• _The task_
Give back every line of the data, transcribed exactly.

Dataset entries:
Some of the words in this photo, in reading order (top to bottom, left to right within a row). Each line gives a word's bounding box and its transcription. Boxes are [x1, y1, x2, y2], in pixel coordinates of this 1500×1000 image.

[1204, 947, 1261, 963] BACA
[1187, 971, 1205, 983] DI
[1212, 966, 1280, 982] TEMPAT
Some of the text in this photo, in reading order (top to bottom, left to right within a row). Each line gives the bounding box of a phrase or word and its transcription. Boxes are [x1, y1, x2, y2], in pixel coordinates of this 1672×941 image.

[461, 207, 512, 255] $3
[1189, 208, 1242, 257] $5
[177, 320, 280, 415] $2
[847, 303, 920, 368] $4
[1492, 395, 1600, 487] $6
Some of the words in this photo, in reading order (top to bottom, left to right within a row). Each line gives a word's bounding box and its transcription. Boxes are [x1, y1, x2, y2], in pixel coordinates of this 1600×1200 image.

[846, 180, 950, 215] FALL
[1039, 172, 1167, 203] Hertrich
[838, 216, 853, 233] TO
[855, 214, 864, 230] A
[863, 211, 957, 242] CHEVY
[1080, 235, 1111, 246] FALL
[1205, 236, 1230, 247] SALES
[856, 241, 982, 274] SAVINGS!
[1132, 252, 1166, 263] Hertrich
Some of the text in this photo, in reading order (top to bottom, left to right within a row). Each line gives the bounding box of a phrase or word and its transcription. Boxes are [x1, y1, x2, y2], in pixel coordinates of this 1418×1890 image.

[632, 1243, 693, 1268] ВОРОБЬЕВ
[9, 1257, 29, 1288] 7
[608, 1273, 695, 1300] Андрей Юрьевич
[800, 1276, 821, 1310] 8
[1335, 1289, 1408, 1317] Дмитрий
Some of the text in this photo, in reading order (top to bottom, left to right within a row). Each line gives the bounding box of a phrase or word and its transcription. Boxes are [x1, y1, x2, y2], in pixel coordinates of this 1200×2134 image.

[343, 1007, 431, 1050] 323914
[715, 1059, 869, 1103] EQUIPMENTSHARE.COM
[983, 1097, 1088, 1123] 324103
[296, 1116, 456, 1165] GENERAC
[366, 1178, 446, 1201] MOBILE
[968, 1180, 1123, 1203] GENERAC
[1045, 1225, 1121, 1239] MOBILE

• _Result_
Some of the words in this photo, in reading order (top to bottom, left to right within a row). Each line gives a word's bounding box and its transcription. Boxes are [x1, y1, x2, y2], in pixel coordinates of this 1500×1000 image.

[1204, 947, 1261, 963] BACA
[1187, 971, 1205, 983] DI
[1212, 966, 1280, 982] TEMPAT
Some of the text in this photo, in reading order (top to bottom, left to right within a row). Each line gives the bounding box of a phrase or word and its transcription. Boxes are [x1, y1, x2, y2], in pixel coordinates of this 1672×941 image.

[461, 207, 512, 255] $3
[1189, 208, 1242, 257] $5
[177, 320, 280, 415] $2
[847, 303, 920, 368] $4
[1492, 395, 1600, 487] $6
Some of the words in this photo, in reading order (top to bottom, left to right within a row). Each line gives a word's bounding box and its transcription. Boxes are [x1, y1, x2, y2], in pixel coordinates of this 1600×1200 image.

[846, 180, 950, 215] FALL
[1039, 172, 1167, 203] Hertrich
[838, 216, 853, 233] TO
[855, 214, 864, 230] A
[863, 211, 957, 242] CHEVY
[1080, 235, 1111, 246] FALL
[1205, 236, 1230, 247] SALES
[856, 241, 982, 274] SAVINGS!
[1132, 252, 1166, 263] Hertrich
Some of the text in this photo, in reading order (top to bottom, left to right within a row). Each line gives the bounding box of a phrase or word and its transcription. Boxes are [x1, y1, x2, y2], in pixel coordinates of this 1418×1890 image.

[632, 1243, 693, 1268] ВОРОБЬЕВ
[9, 1257, 29, 1288] 7
[608, 1273, 695, 1300] Андрей Юрьевич
[800, 1276, 821, 1310] 8
[1335, 1289, 1408, 1317] Дмитрий
Some of the text in this photo, in reading order (top to bottom, left to right within a row). Each line gives the bounding box of a phrase or word and its transcription. Boxes are [x1, y1, x2, y2], in pixel coordinates of this 1200×2134 image.

[343, 1007, 431, 1050] 323914
[715, 1059, 869, 1103] EQUIPMENTSHARE.COM
[983, 1097, 1088, 1123] 324103
[296, 1116, 456, 1165] GENERAC
[366, 1178, 446, 1201] MOBILE
[968, 1180, 1123, 1203] GENERAC
[1045, 1225, 1121, 1239] MOBILE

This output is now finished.